TASK GOAL: The records that follow are to be given again exactly, with their pictures omitted.

SUPPLIED DATA:
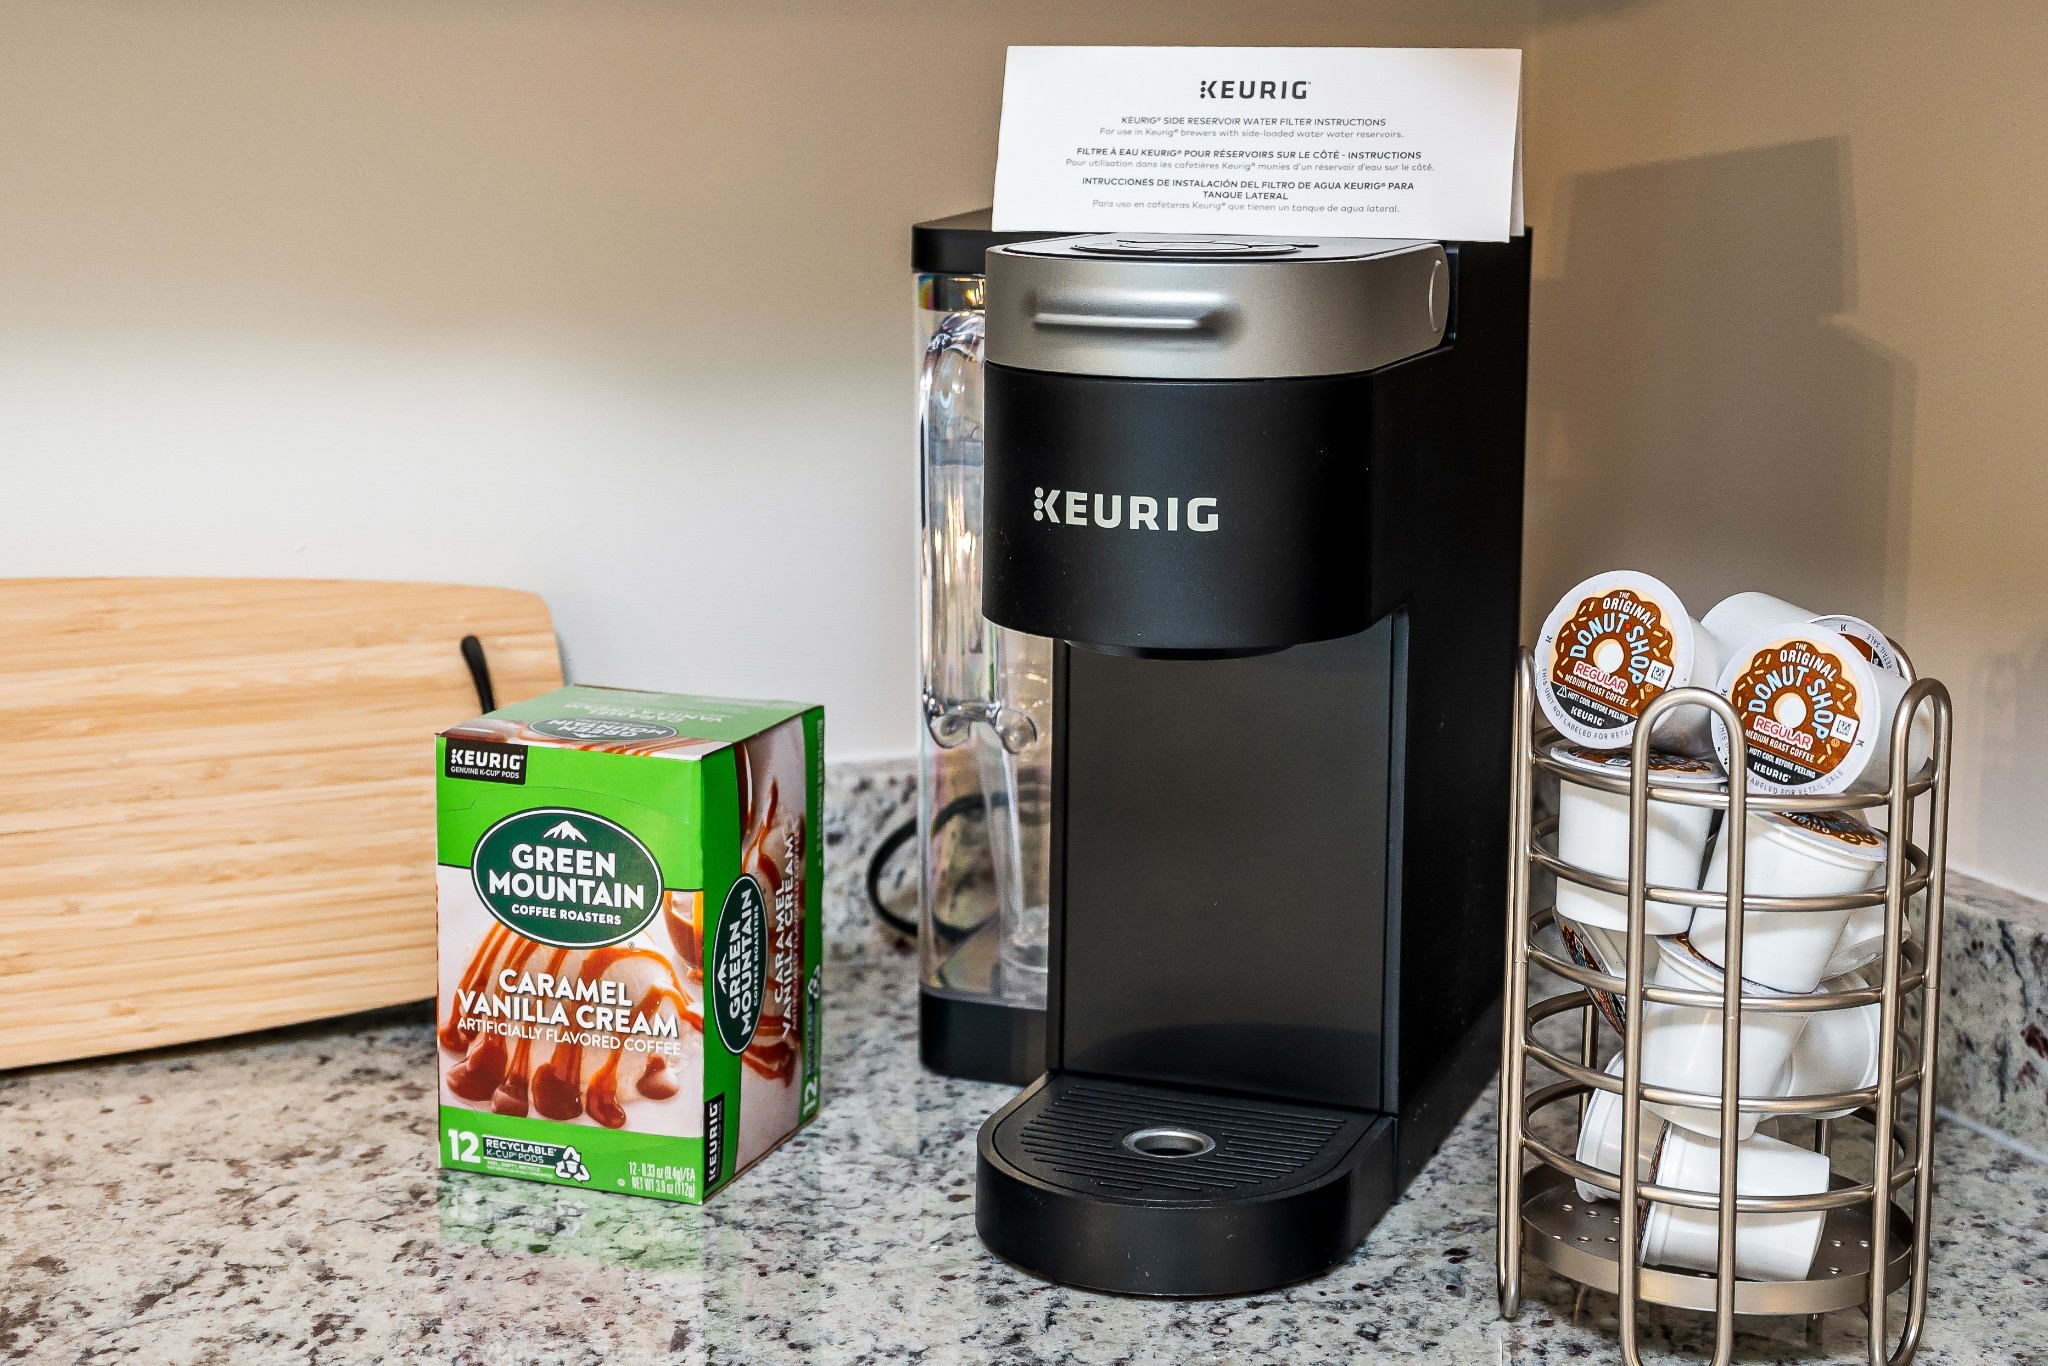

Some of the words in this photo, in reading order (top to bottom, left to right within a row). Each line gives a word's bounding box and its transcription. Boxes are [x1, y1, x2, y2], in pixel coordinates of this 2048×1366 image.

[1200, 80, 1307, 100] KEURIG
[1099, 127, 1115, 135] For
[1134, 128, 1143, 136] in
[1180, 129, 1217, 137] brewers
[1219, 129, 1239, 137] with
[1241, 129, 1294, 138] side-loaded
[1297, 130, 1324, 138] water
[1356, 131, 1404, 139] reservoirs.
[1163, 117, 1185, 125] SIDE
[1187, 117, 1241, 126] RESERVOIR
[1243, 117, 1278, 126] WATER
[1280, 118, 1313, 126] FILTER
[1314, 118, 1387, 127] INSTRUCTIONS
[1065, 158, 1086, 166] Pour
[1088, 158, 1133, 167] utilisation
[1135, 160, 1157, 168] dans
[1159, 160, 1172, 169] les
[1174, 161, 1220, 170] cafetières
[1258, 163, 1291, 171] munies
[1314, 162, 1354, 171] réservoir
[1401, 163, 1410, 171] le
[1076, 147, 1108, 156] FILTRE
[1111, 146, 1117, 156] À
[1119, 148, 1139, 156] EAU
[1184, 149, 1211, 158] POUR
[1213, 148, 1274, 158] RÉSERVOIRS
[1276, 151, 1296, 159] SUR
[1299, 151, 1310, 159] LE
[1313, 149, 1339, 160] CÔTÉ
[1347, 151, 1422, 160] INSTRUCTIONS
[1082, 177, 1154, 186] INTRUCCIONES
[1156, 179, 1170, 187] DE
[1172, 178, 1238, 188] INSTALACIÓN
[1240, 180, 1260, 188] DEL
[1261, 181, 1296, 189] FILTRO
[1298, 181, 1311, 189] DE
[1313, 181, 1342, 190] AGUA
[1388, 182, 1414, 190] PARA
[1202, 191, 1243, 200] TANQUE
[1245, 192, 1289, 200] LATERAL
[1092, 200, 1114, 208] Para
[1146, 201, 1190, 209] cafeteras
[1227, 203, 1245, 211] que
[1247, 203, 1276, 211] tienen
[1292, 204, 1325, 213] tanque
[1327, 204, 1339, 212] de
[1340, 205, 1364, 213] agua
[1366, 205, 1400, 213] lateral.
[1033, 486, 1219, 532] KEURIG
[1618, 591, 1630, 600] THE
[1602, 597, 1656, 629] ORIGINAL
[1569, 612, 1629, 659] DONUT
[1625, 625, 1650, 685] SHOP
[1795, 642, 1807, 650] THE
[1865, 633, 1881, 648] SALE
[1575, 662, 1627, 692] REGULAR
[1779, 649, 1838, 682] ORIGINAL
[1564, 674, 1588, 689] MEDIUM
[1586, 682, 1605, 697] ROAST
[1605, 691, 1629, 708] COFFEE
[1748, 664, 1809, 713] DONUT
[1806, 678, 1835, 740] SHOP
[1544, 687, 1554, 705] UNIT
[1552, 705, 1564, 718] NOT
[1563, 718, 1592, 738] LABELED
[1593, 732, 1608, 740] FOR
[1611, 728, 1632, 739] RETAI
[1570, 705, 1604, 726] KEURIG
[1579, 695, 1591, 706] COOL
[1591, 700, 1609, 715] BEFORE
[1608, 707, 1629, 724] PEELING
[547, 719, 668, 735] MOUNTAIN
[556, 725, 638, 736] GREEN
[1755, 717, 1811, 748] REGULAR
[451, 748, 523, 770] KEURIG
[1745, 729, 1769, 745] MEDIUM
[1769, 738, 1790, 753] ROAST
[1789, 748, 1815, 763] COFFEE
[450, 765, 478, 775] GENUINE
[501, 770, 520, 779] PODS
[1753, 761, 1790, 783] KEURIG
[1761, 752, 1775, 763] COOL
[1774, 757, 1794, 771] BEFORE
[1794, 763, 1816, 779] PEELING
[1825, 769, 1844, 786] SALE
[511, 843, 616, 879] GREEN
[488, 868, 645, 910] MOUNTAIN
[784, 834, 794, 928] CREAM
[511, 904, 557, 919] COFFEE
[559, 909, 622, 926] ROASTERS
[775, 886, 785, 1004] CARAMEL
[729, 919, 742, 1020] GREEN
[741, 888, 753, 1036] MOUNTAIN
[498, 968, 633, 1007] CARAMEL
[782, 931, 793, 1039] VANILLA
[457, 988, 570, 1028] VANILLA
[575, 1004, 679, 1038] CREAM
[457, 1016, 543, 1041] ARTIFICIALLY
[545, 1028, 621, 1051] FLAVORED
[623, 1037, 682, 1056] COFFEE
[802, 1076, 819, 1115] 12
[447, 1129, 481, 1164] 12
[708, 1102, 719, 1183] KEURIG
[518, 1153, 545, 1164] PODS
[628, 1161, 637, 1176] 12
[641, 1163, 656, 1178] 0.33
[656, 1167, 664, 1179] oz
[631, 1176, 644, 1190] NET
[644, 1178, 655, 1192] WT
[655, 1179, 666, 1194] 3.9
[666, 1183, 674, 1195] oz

RESPONSE:
Some of the words in this photo, in reading order (top to bottom, left to right within a row). Each line gives a word's bounding box and its transcription. Boxes are [x1, y1, x2, y2], in pixel coordinates of this 2048×1366 image.

[1200, 80, 1307, 100] KEURIG
[1099, 127, 1115, 135] For
[1134, 128, 1143, 136] in
[1180, 129, 1217, 137] brewers
[1219, 129, 1239, 137] with
[1241, 129, 1294, 138] side-loaded
[1297, 130, 1324, 138] water
[1356, 131, 1404, 139] reservoirs.
[1163, 117, 1185, 125] SIDE
[1187, 117, 1241, 126] RESERVOIR
[1243, 117, 1278, 126] WATER
[1280, 118, 1313, 126] FILTER
[1314, 118, 1387, 127] INSTRUCTIONS
[1065, 158, 1086, 166] Pour
[1088, 158, 1133, 167] utilisation
[1135, 160, 1157, 168] dans
[1159, 160, 1172, 169] les
[1174, 161, 1220, 170] cafetières
[1258, 163, 1291, 171] munies
[1314, 162, 1354, 171] réservoir
[1401, 163, 1410, 171] le
[1076, 147, 1108, 156] FILTRE
[1111, 146, 1117, 156] À
[1119, 148, 1139, 156] EAU
[1184, 149, 1211, 158] POUR
[1213, 148, 1274, 158] RÉSERVOIRS
[1276, 151, 1296, 159] SUR
[1299, 151, 1310, 159] LE
[1313, 149, 1339, 160] CÔTÉ
[1347, 151, 1422, 160] INSTRUCTIONS
[1082, 177, 1154, 186] INTRUCCIONES
[1156, 179, 1170, 187] DE
[1172, 178, 1238, 188] INSTALACIÓN
[1240, 180, 1260, 188] DEL
[1261, 181, 1296, 189] FILTRO
[1298, 181, 1311, 189] DE
[1313, 181, 1342, 190] AGUA
[1388, 182, 1414, 190] PARA
[1202, 191, 1243, 200] TANQUE
[1245, 192, 1289, 200] LATERAL
[1092, 200, 1114, 208] Para
[1146, 201, 1190, 209] cafeteras
[1227, 203, 1245, 211] que
[1247, 203, 1276, 211] tienen
[1292, 204, 1325, 213] tanque
[1327, 204, 1339, 212] de
[1340, 205, 1364, 213] agua
[1366, 205, 1400, 213] lateral.
[1033, 486, 1219, 532] KEURIG
[1618, 591, 1630, 600] THE
[1602, 597, 1656, 629] ORIGINAL
[1569, 612, 1629, 659] DONUT
[1625, 625, 1650, 685] SHOP
[1795, 642, 1807, 650] THE
[1865, 633, 1881, 648] SALE
[1575, 662, 1627, 692] REGULAR
[1779, 649, 1838, 682] ORIGINAL
[1564, 674, 1588, 689] MEDIUM
[1586, 682, 1605, 697] ROAST
[1605, 691, 1629, 708] COFFEE
[1748, 664, 1809, 713] DONUT
[1806, 678, 1835, 740] SHOP
[1544, 687, 1554, 705] UNIT
[1552, 705, 1564, 718] NOT
[1563, 718, 1592, 738] LABELED
[1593, 732, 1608, 740] FOR
[1611, 728, 1632, 739] RETAI
[1570, 705, 1604, 726] KEURIG
[1579, 695, 1591, 706] COOL
[1591, 700, 1609, 715] BEFORE
[1608, 707, 1629, 724] PEELING
[547, 719, 668, 735] MOUNTAIN
[556, 725, 638, 736] GREEN
[1755, 717, 1811, 748] REGULAR
[451, 748, 523, 770] KEURIG
[1745, 729, 1769, 745] MEDIUM
[1769, 738, 1790, 753] ROAST
[1789, 748, 1815, 763] COFFEE
[450, 765, 478, 775] GENUINE
[501, 770, 520, 779] PODS
[1753, 761, 1790, 783] KEURIG
[1761, 752, 1775, 763] COOL
[1774, 757, 1794, 771] BEFORE
[1794, 763, 1816, 779] PEELING
[1825, 769, 1844, 786] SALE
[511, 843, 616, 879] GREEN
[488, 868, 645, 910] MOUNTAIN
[784, 834, 794, 928] CREAM
[511, 904, 557, 919] COFFEE
[559, 909, 622, 926] ROASTERS
[775, 886, 785, 1004] CARAMEL
[729, 919, 742, 1020] GREEN
[741, 888, 753, 1036] MOUNTAIN
[498, 968, 633, 1007] CARAMEL
[782, 931, 793, 1039] VANILLA
[457, 988, 570, 1028] VANILLA
[575, 1004, 679, 1038] CREAM
[457, 1016, 543, 1041] ARTIFICIALLY
[545, 1028, 621, 1051] FLAVORED
[623, 1037, 682, 1056] COFFEE
[802, 1076, 819, 1115] 12
[447, 1129, 481, 1164] 12
[708, 1102, 719, 1183] KEURIG
[518, 1153, 545, 1164] PODS
[628, 1161, 637, 1176] 12
[641, 1163, 656, 1178] 0.33
[656, 1167, 664, 1179] oz
[631, 1176, 644, 1190] NET
[644, 1178, 655, 1192] WT
[655, 1179, 666, 1194] 3.9
[666, 1183, 674, 1195] oz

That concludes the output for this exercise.